In Munchausen Syndrome by Proxy, a parent surreptitiously harms his or her child in order to ensure that the child is entirely dependent upon him or her. The more ill and weaker a child becomes, the more the hovering parent is “needed.” The US War on Terror mimics Munchausen Syndrome by Proxy in its impact on the US public. (Chapter Four)

The fact that governments and international organizations are now defining terrorism so indiscriminately tells us something about how much independence from the people they are now asserting that they should have. Some of those who try to affect government action are acceptable and not terrorists; corporate lobbyists, for example, have more influence than ever, while others are to be excluded and criminalized for daring to try to influence “their” governments. (Chapter Four)

[T]orture's purpose is not intelligence. Torture's purpose is terror. (Chapter Four)

Democratic theory fails to give proper weight to the initiating and decisive power of the state and media relative to the populace. Under normal circumstances, media and the state possess virtually all of the advantages—and dominate the process—by which the public agenda gets set. They set the table. The public must decide what to eat from the offerings placed there by the media and state, and in that sense the public “democratically” choose what they like, but the public does not decide what will be on the table in the first place. (Chapter Five)

Just because the public (or some segment of the public) responds favorably to something proffered to it by leaders does not mean—and is not the same as—the public’s initiating attention to the issue. If someone offers you vanilla ice cream and you eat it with relish, this does not mean that you decided that you would rather have vanilla than, say, chocolate. It merely means that you respond favorably to vanilla and are willing to eat it. (Chapter Five)

Representative democracy overwhelmingly confines public participation in political affairs to voting for or against one’s representatives. Even in the best of all possible scenarios, if voting comprises the best and highest political role that the people can play, then the people will never have any real power over politics. (Chapter Five)

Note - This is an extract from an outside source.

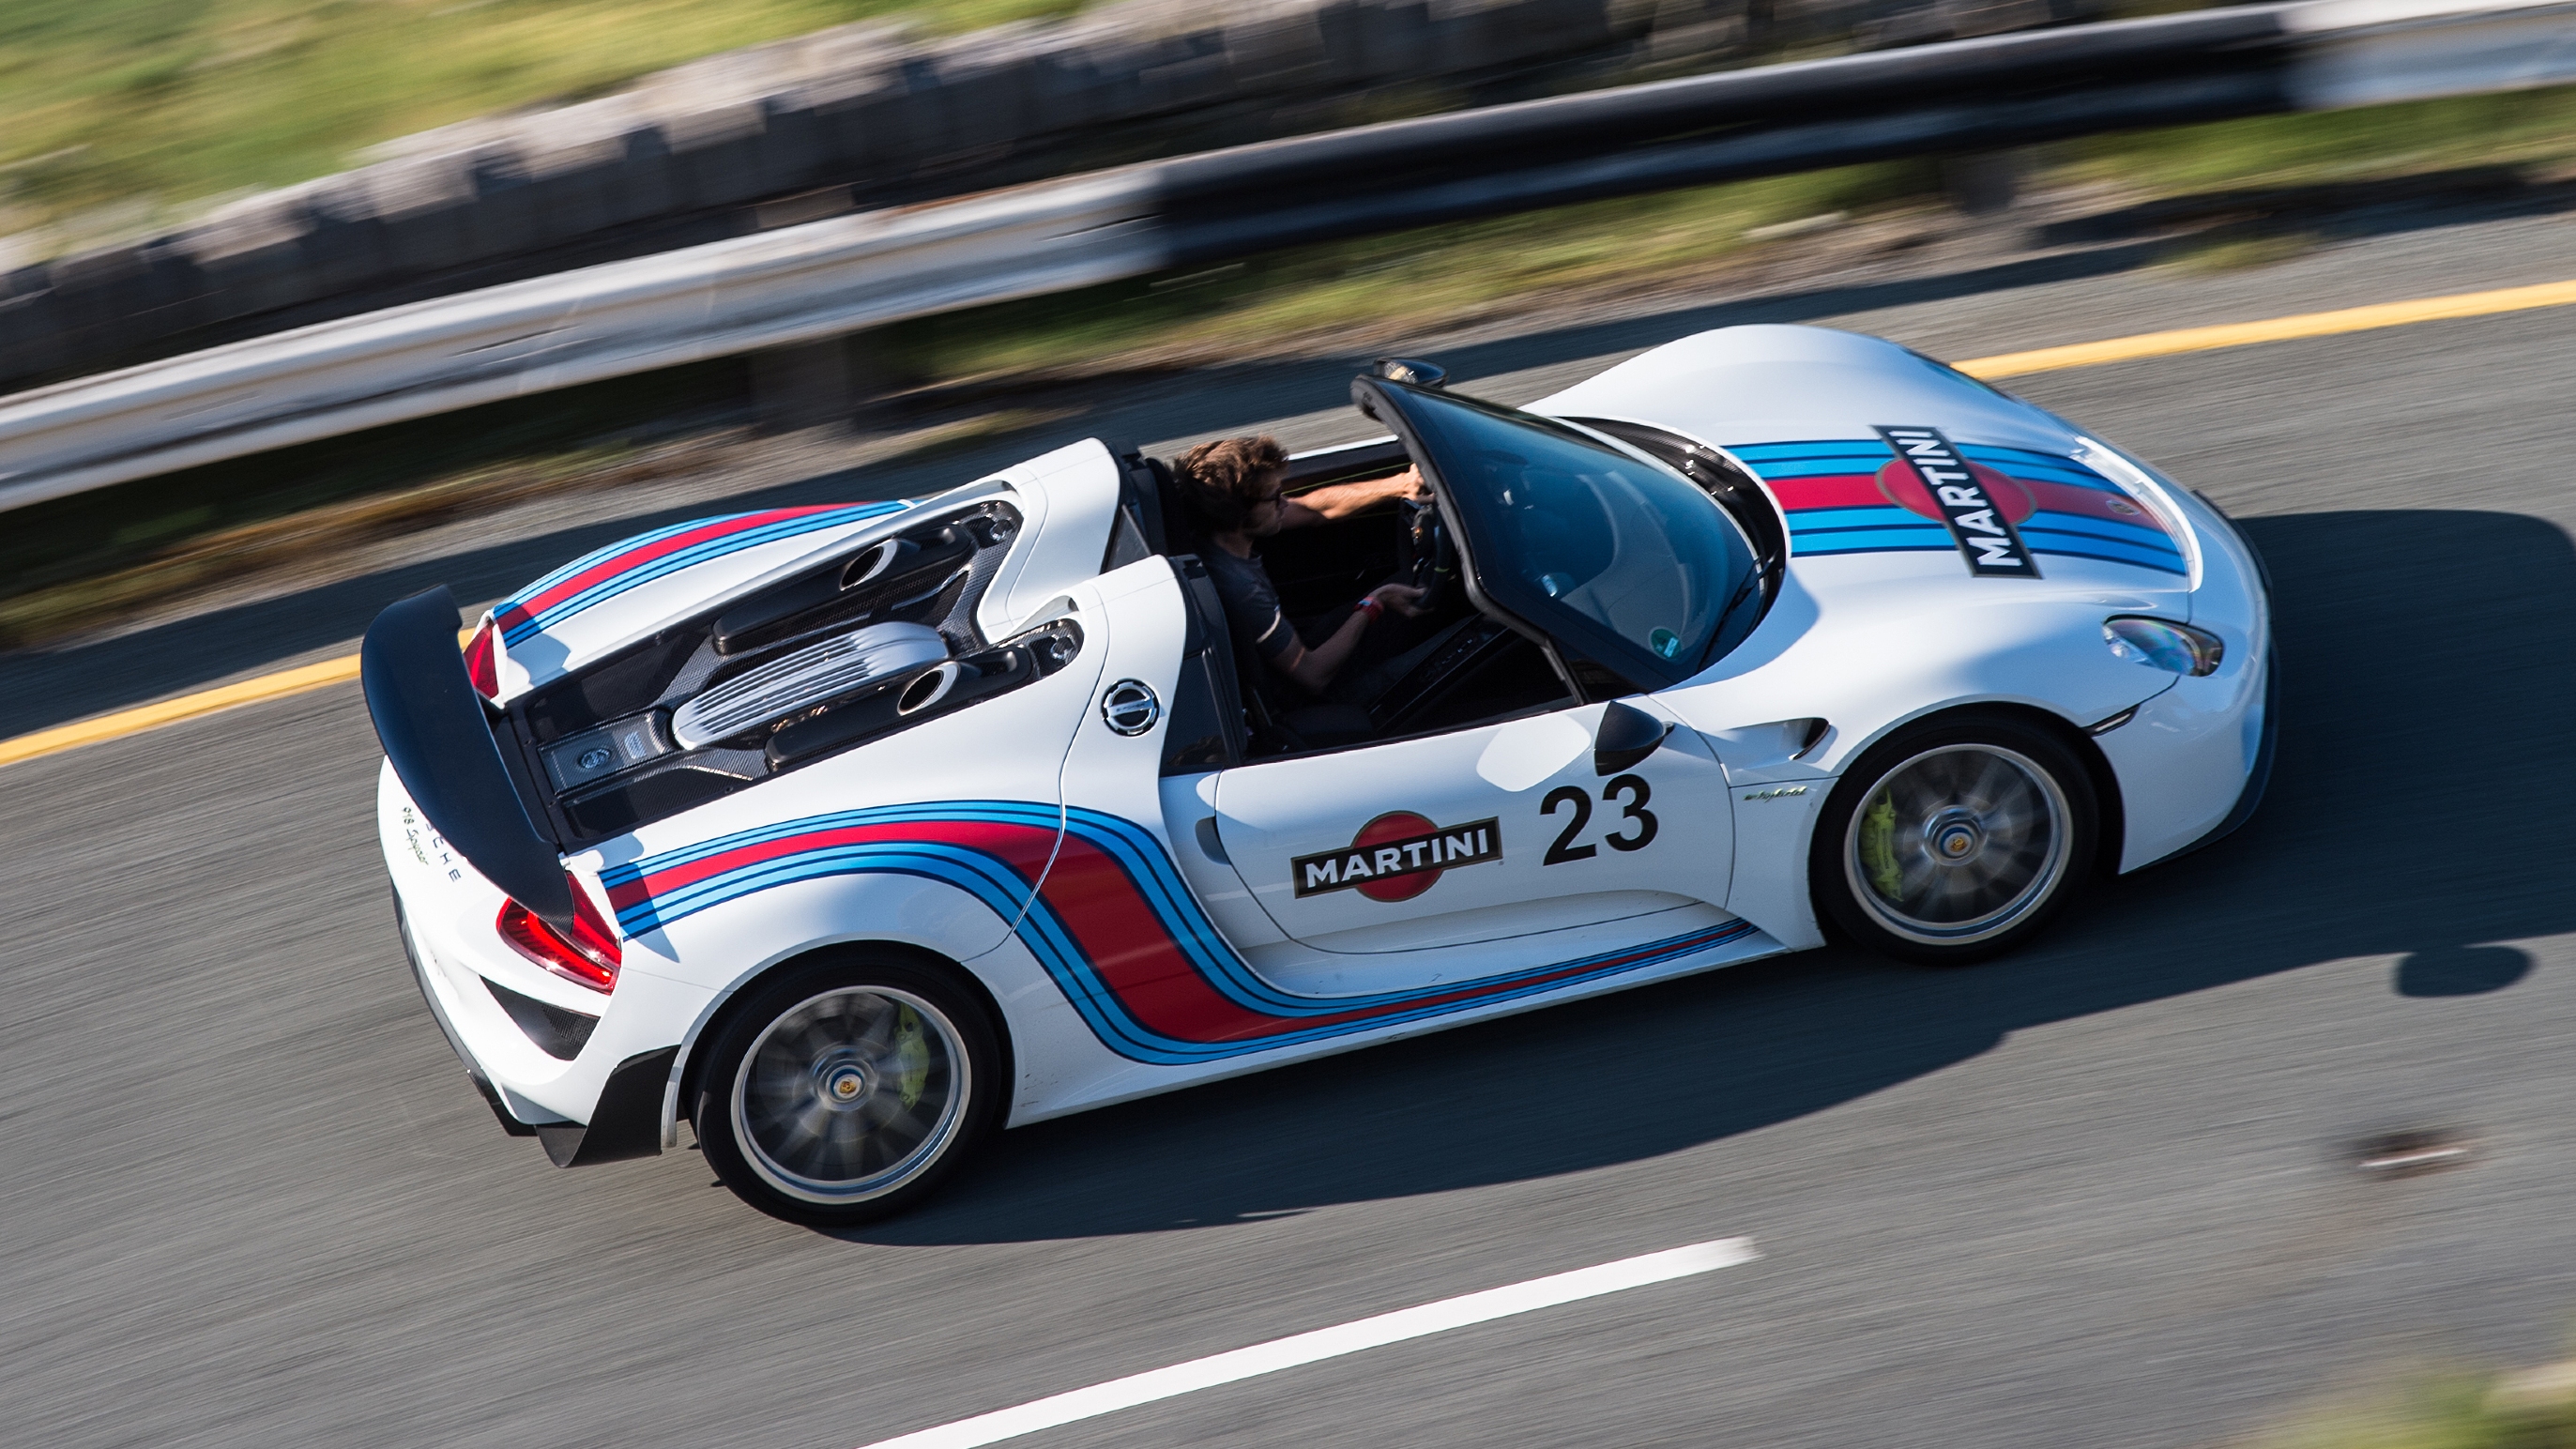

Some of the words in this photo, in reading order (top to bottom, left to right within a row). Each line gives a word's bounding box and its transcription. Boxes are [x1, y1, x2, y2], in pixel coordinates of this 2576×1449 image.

[1887, 430, 2023, 567] MARTINI
[1305, 828, 1489, 889] MARTINI
[1540, 773, 1659, 867] 23

Since the main way that people in a society learn about current affairs is via mass media, then what media are doing and what they are not doing constitute something extraordinarily important. Even those who do not pay much attention to the news garner their views via media from what might be termed “headline impressions:” they take what the headlines say as their point of orientation to the big stories and issues of the day and add to those media headlines the comments of others around them (with those others around them also having received their take on current events from the media). Headlines and lead stories are the snapshots that most people absorb from the news and tabloids, and it is the frame of that story/issue that is decisive. Because of this, the dominant news/issue frame determines the perspective of the large majority of even those who consume a lot of news from diverse sources (e.g., professionals and intellectuals) as well as the people who only go by “headline impressions.” (Chapter Six)

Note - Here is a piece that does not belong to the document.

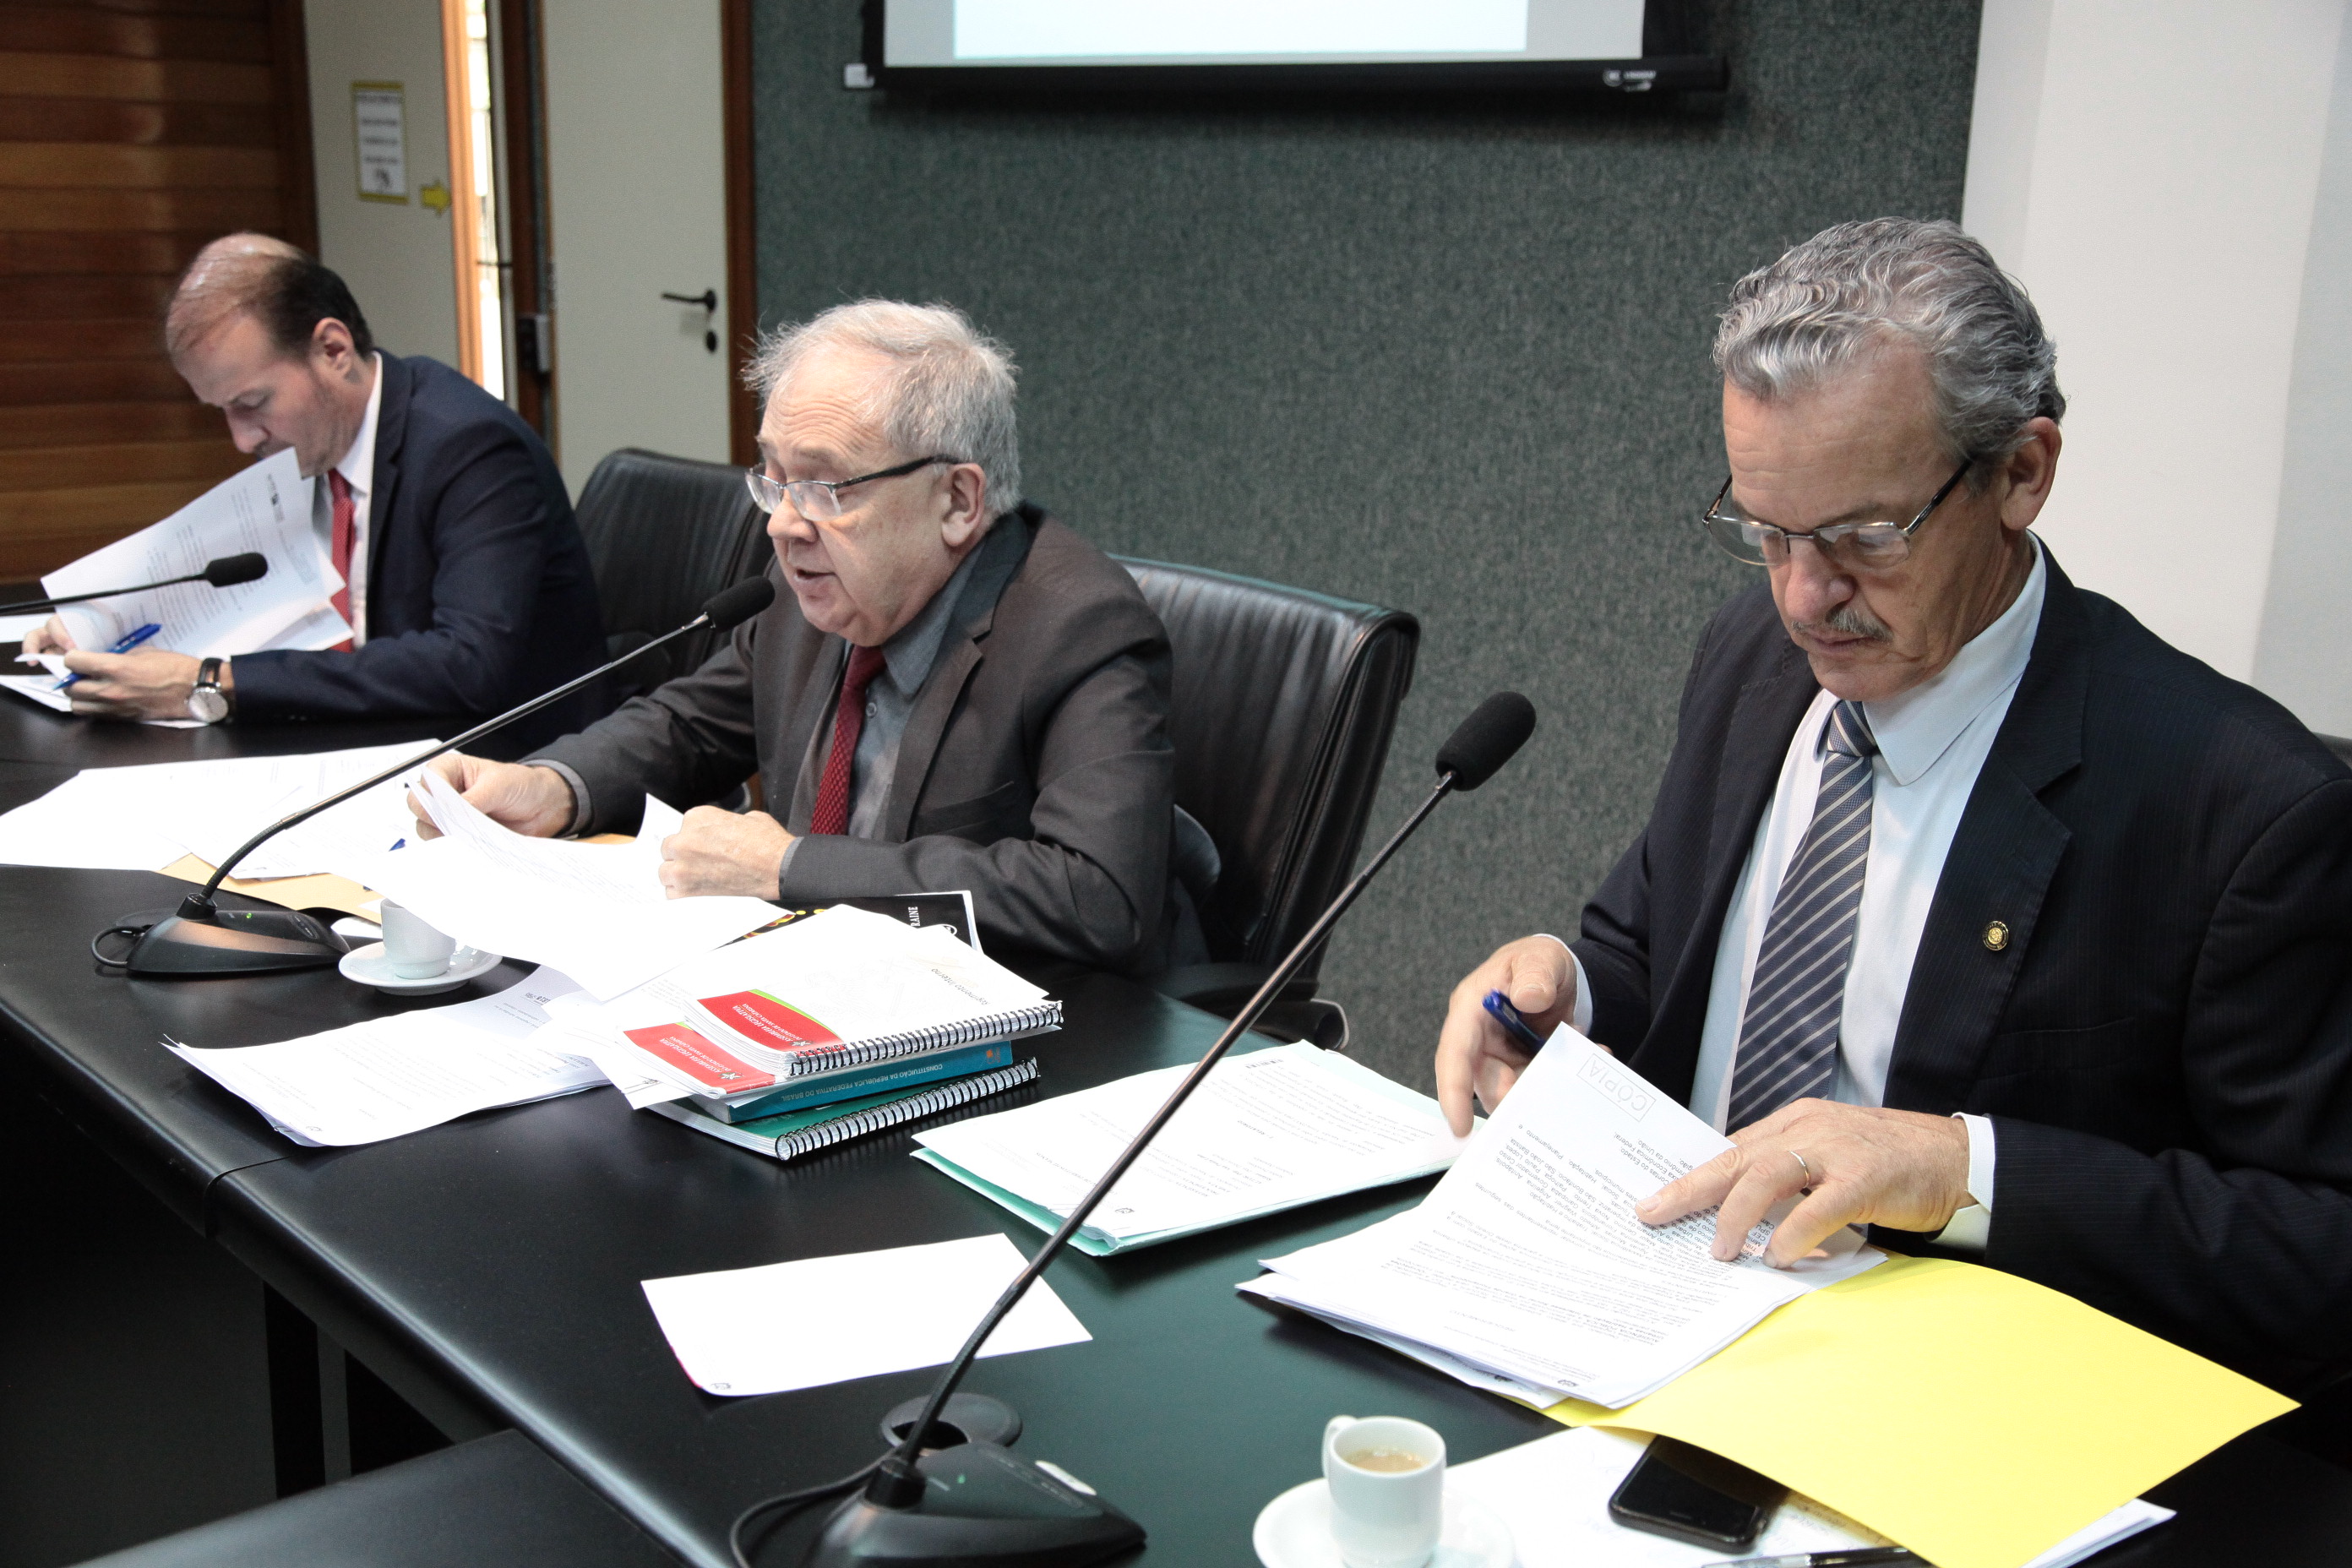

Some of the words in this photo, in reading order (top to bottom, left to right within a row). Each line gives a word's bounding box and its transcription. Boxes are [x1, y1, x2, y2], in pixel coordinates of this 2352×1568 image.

Why do the less desirable jobs in any society, such as picking crops or cleaning bathrooms, have to be reserved for a certain class of people who must do these jobs their whole lives, while others are exempted entirely from having to participate in these socially necessary tasks? Why cannot these tasks, the putatively lowly, but indispensible, as well as the highly esteemed, be shared by everyone? Of course, someone who has exceptionally specialized skills such as brain surgery should not be doing things that would endanger their hands and eyes, but they could certainly spend some of their time doing more humble tasks. They and the society would be the better for it. (Chapter Seven)

If we stopped paying brain surgeons as much as they now earn, would that mean that everyone now performing brain surgery would put down their scalpels and say: “Well, I’m not doing this any more.” (Chapter Seven)

When a bus is careening out of control and the driver is not paying attention but is screwing around with someone in the front so that he does not notice or discounts the reality that the bus is heading for a precipitous cliff, someone else has to step forward and take control for the sake of the entire busload of people. Someone in that situation could decline to take action, saying to himself and others that he would never succeed in wresting control of the bus from the bus driver, and that trying to do so would only get him ridiculed, hurt, or killed; but in such a situation, inaction represents a cowardly and ultimately fatal choice. (Chapter Seven)

I am reminded, when thinking of the functionalists’ celebration of the allegedly non-antagonistic relations among all of the society’s classes, of the Disney movie The Lion King’s opening scene. The newborn male lion Simba’s proud parents hold him up while standing on a cliff overlooking the wide African plain. Arrayed in concentric circles on that plain are all of the animals of the kingdom—giraffes, water buffalo, gazelles, and so on—bowing down before the new lion king. “The Great Circle of Life,” the film’s thematic score, rises in this grand happy scene in which the prey of lions celebrate the newest member to join the ranks of their predators, who will one day happily eat them. (Chapter Seven)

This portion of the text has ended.